Extract, word for word, each line from the line holding "this 1279×1440 image." through the end of the records. Omit every picture.
_ _ _ _ _ _ _
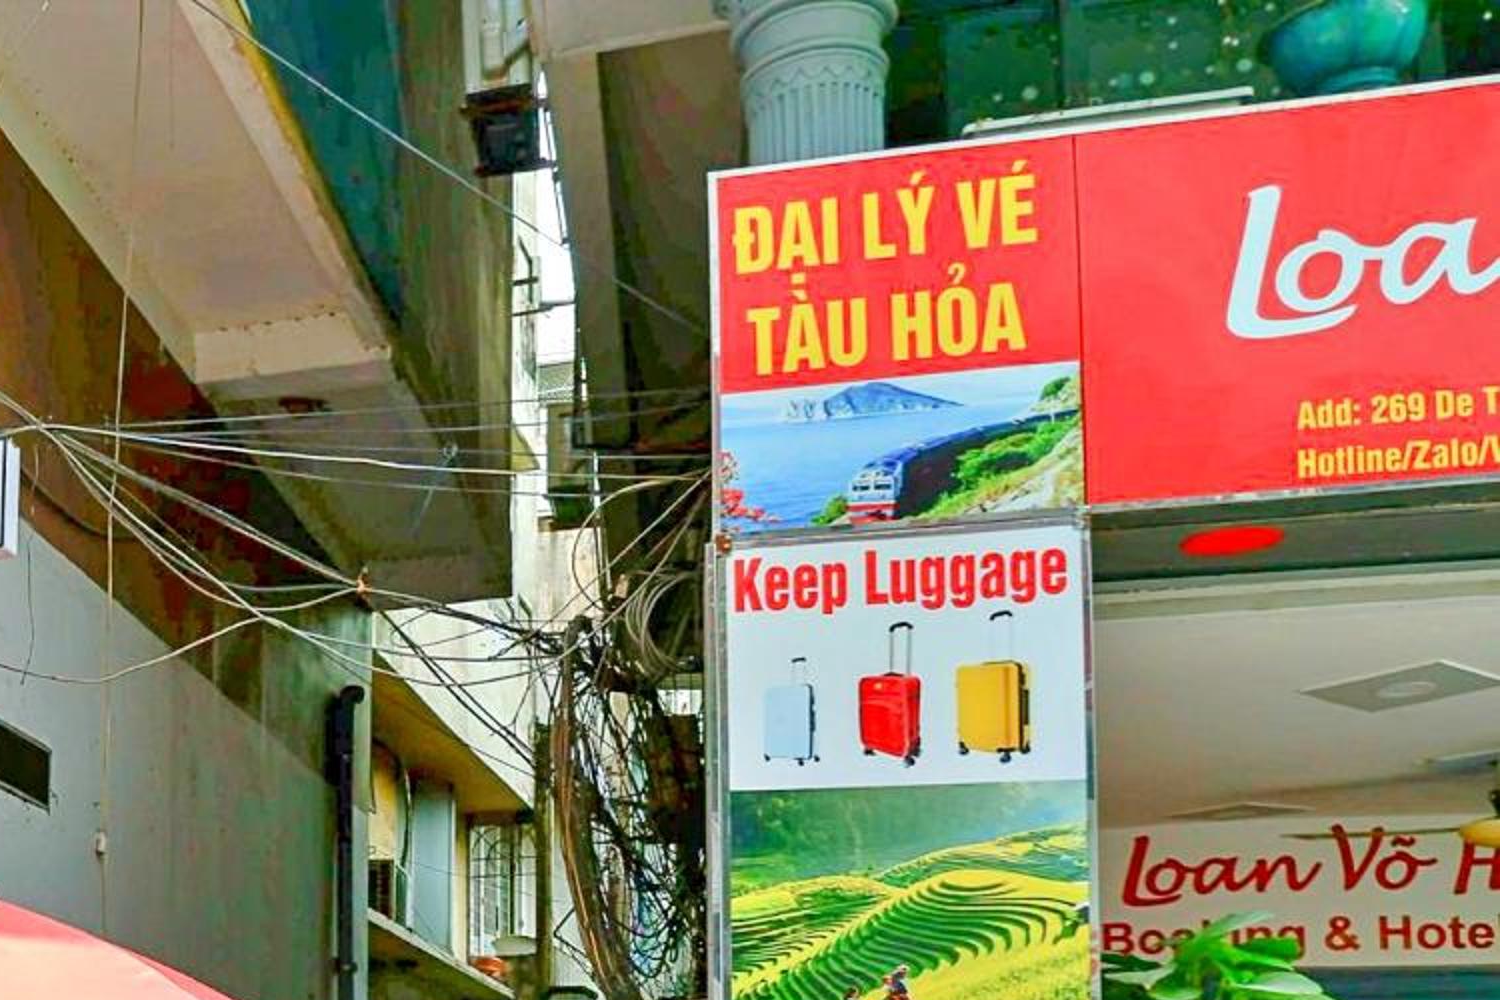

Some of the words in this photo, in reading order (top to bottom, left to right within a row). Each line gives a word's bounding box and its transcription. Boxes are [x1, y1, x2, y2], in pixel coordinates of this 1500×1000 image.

[732, 198, 839, 285] ĐẠI
[862, 171, 934, 259] LÝ
[956, 160, 1038, 249] VÉ
[747, 289, 868, 376] TÀU
[891, 262, 1027, 361] HỎA
[1297, 398, 1362, 430] Add:
[1371, 392, 1425, 424] 269
[1435, 390, 1473, 420] De
[733, 555, 848, 615] Keep
[865, 547, 1068, 609] Luggage
[1122, 834, 1322, 907] Loan
[1332, 824, 1437, 891] Võ
[1324, 916, 1360, 951] &
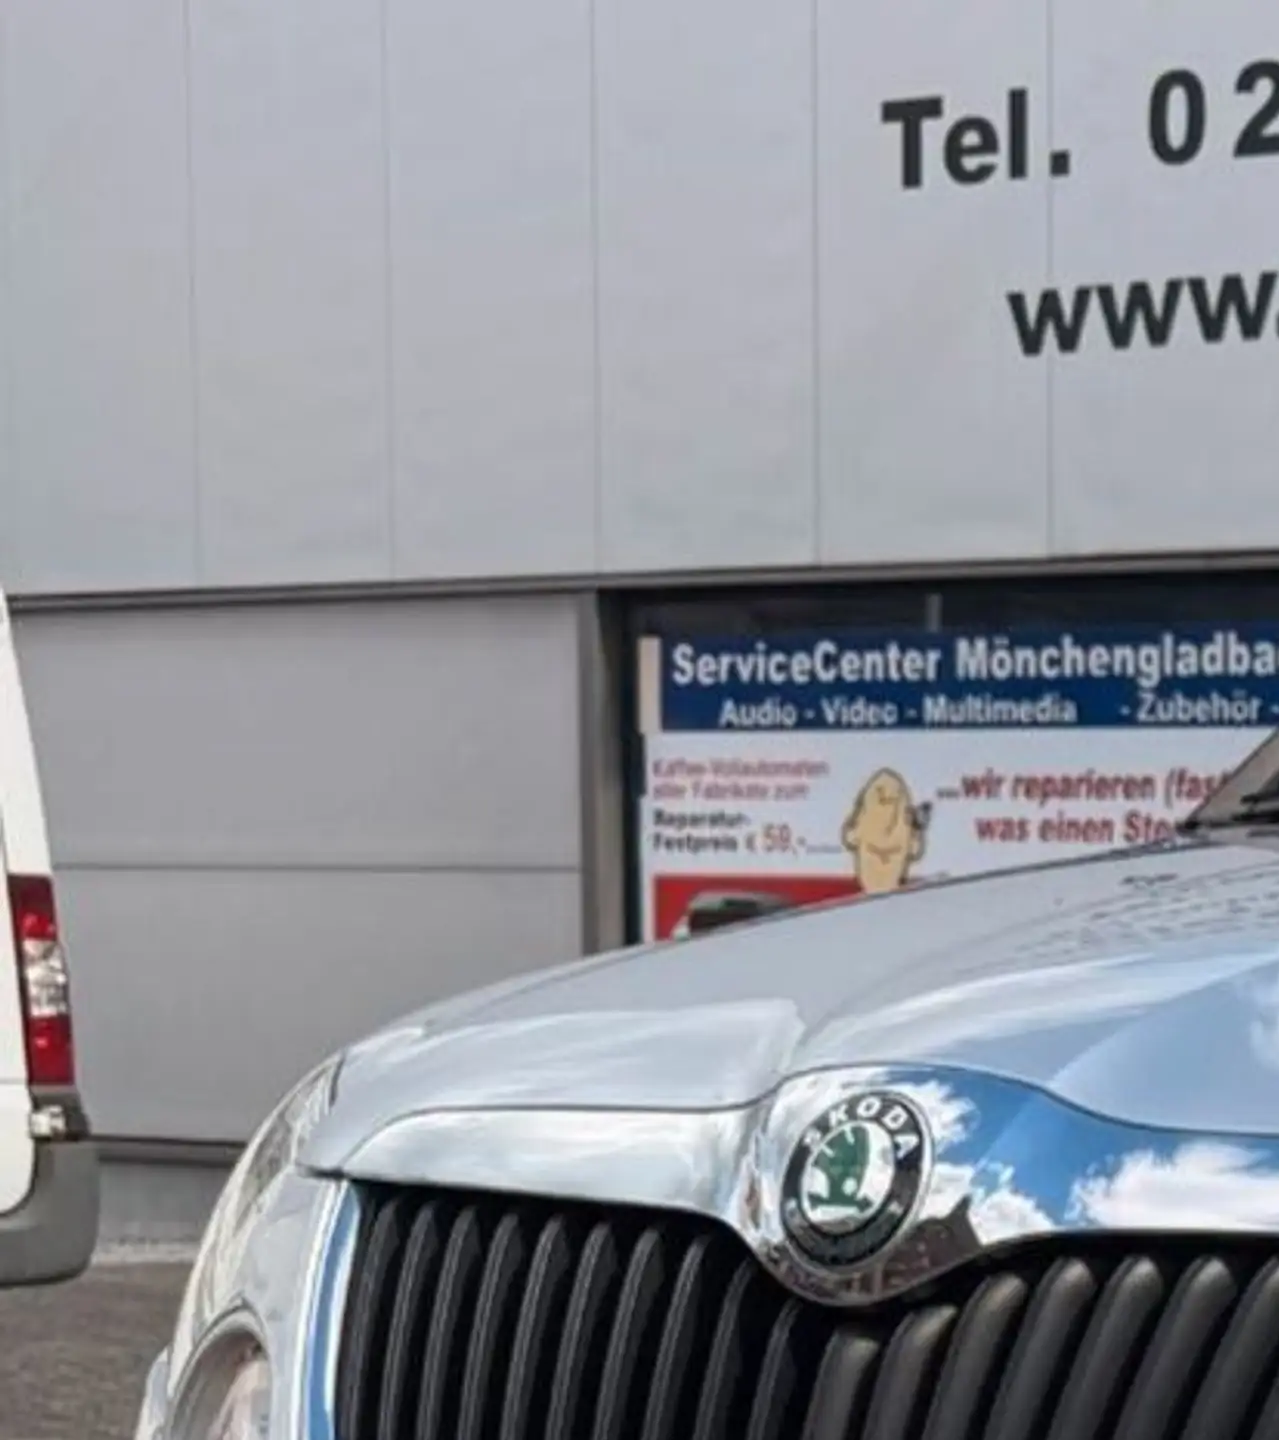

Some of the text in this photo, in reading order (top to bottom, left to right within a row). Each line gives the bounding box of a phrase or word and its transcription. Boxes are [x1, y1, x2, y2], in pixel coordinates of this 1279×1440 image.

[882, 88, 1070, 189] Tel.
[671, 639, 942, 686] ServiceCenter
[718, 698, 798, 727] Audio
[820, 697, 899, 725] Video
[922, 692, 1078, 725] Multimedia
[1136, 688, 1262, 723] Zubehör
[1012, 767, 1156, 809] reparieren
[975, 815, 1031, 843] was
[1039, 810, 1115, 843] einen
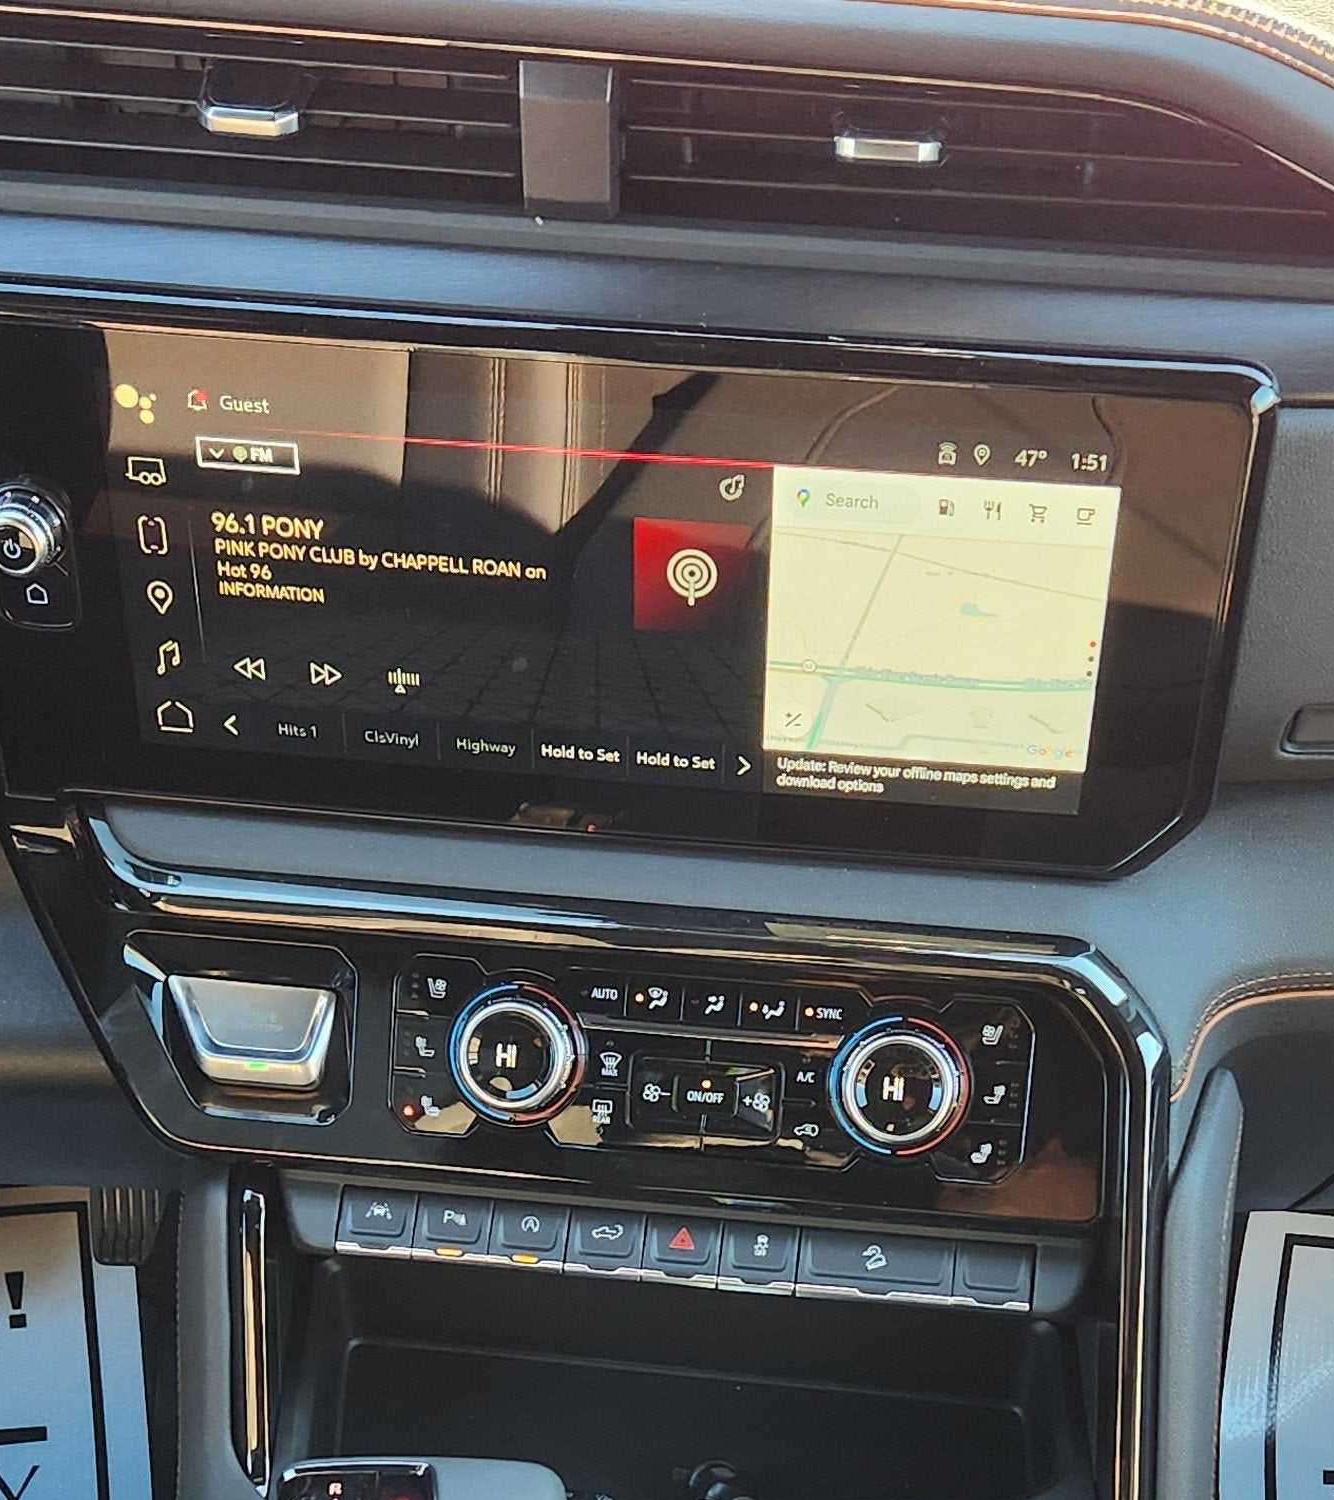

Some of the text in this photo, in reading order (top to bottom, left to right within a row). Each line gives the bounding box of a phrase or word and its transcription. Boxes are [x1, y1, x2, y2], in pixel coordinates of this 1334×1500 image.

[219, 394, 270, 414] Guest
[250, 446, 274, 463] FM
[1071, 452, 1109, 472] 1:51
[825, 492, 879, 510] Search
[211, 510, 324, 541] 96.1 PONY
[215, 537, 547, 580] PINK PONY CLUB by CHAPPELL ROAN on
[217, 559, 273, 581] Hot 96
[219, 580, 325, 604] INFORMATION
[277, 722, 318, 738] Hits 1
[364, 729, 420, 750] ClsVinyl
[455, 737, 517, 757] Highway
[540, 743, 620, 763] Hold to Set
[636, 750, 716, 770] Hold to Set
[777, 756, 1057, 789] Update: Review your offline maps settings and
[776, 773, 885, 794] download options
[591, 987, 618, 1000] AUTO
[816, 1006, 843, 1020] SYNC
[496, 1043, 517, 1068] HI
[796, 1070, 815, 1083] A/C
[686, 1089, 725, 1105] ON/OFF
[882, 1076, 905, 1101] HI
[329, 1482, 342, 1496] R
_ _ _ _ _ _ _
[Exercise answer]
Some of the text in this photo, in reading order (top to bottom, left to right within a row). Each line gives the bounding box of a phrase or word and its transcription. Boxes are [x1, y1, x2, y2], in pixel coordinates of this 1279×1440 image.

[882, 88, 1070, 189] Tel.
[671, 639, 942, 686] ServiceCenter
[718, 698, 798, 727] Audio
[820, 697, 899, 725] Video
[922, 692, 1078, 725] Multimedia
[1136, 688, 1262, 723] Zubehör
[1012, 767, 1156, 809] reparieren
[975, 815, 1031, 843] was
[1039, 810, 1115, 843] einen

Some of the text in this photo, in reading order (top to bottom, left to right within a row). Each line gives the bounding box of a phrase or word and its transcription. Boxes are [x1, y1, x2, y2], in pixel coordinates of this 1334×1500 image.

[219, 394, 270, 414] Guest
[250, 446, 274, 463] FM
[1071, 452, 1109, 472] 1:51
[825, 492, 879, 510] Search
[211, 510, 324, 541] 96.1 PONY
[215, 537, 547, 580] PINK PONY CLUB by CHAPPELL ROAN on
[217, 559, 273, 581] Hot 96
[219, 580, 325, 604] INFORMATION
[277, 722, 318, 738] Hits 1
[364, 729, 420, 750] ClsVinyl
[455, 737, 517, 757] Highway
[540, 743, 620, 763] Hold to Set
[636, 750, 716, 770] Hold to Set
[777, 756, 1057, 789] Update: Review your offline maps settings and
[776, 773, 885, 794] download options
[591, 987, 618, 1000] AUTO
[816, 1006, 843, 1020] SYNC
[496, 1043, 517, 1068] HI
[796, 1070, 815, 1083] A/C
[686, 1089, 725, 1105] ON/OFF
[882, 1076, 905, 1101] HI
[329, 1482, 342, 1496] R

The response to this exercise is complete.